Not all EGFR mutations are the same when it comes to therapy for NSCLC

Feb. 11, 2015

Certain rare epidermal growth factor receptor (EGFR) mutations are associated with tobacco smoking, worse prognosis, and poor response to EGFR tyrosine kinase inhibitor (TKI) therapy compared to the more common “classical” EGFR mutations. However, as not all rare mutations are the same, testing and therapy may need to be evaluated for each individual mutation.
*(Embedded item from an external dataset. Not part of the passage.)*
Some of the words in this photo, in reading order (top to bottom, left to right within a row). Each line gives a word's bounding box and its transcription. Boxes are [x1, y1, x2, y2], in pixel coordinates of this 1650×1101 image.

Mutations within the EGFR gene lead to an oncogenic EGFR protein which can be turned off with EGFR TKIs. These alterations with EGFR are the most frequently therapeutically-targeted genomic alterations in non-small cell lung cancer (NSCLC). Deletions within Exon 19 or a point mutation in Exon 21 are the common mutations predictive of response to EGFR TKI therapy and the ones most often and sometimes exclusively tested for. However, less common EGFR mutations exist and some, e.g., G719x and L861Q, appear sensitive to TKI therapy.
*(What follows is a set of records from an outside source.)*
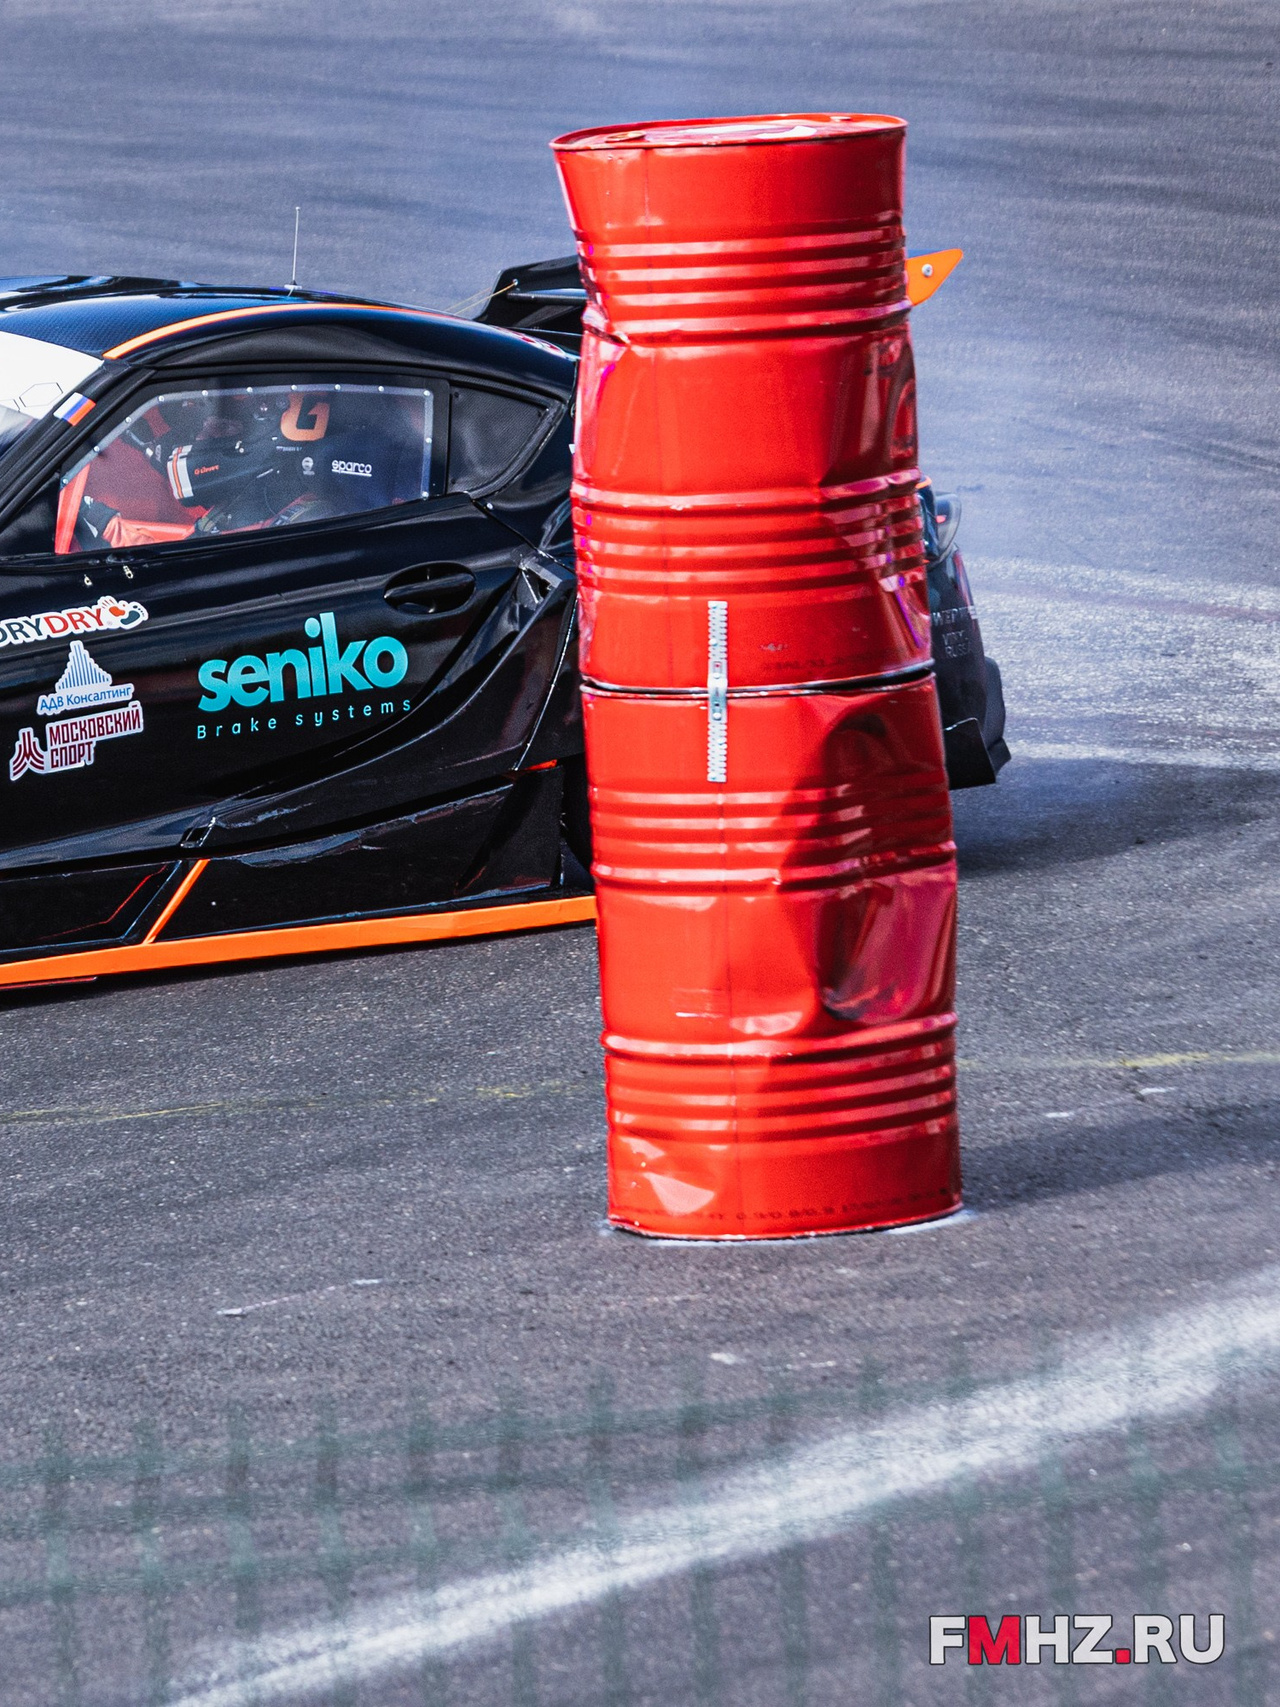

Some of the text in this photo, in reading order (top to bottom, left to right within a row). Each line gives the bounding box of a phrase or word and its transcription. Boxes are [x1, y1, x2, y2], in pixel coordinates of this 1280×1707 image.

[332, 459, 373, 477] sparco
[197, 611, 409, 713] seniko
[39, 686, 132, 713] АДВ Консалтинг
[48, 704, 141, 746] МОСКОВСКИЙ
[196, 698, 412, 740] Brake systems
[50, 741, 93, 769] СПОРТ
Researchers in Austria and Hungary examined the EGFR mutation status of 814 Hungarian patients with pathologically confirmed adenocarcinoma, a histological subtype of NSCLC, and compared the epidemiology and clinical consequence of rare and classic EGFR mutations. Clinical and pathological data were available for 645 of those examined and disease outcome data were available for 419.

The results, published in the Journal of Thoracic Oncology, show that the 5% had classic (Exon 19 or 21) mutations, 6% rare mutations, and 3% synonymous (non-protein altering) mutations. Of note, 10% of patients with rare mutations carried alterations known to be sensitive to EGFR TKIs. As expected, the classic mutations were associated with never smokers (p<0.0001); however, the rare mutations were associated with tobacco smokers (p=0.0062). Classic EGFR mutations but not rare ones were independent predictors of increased overall survival (HR,0.45; 95% CI, 0.25-0.82; p=0.009). The response rate to TKI therapy was significantly higher (71% vs 37%; p=0.039) in classic vs. rare mutations. Patients with classic or sensitizing rare (G719x and L861Q) EGFR mutations had significantly longer progression-free survival when compared to the remaining rare mutation cases (12 vs 6.2 months; p=0.048).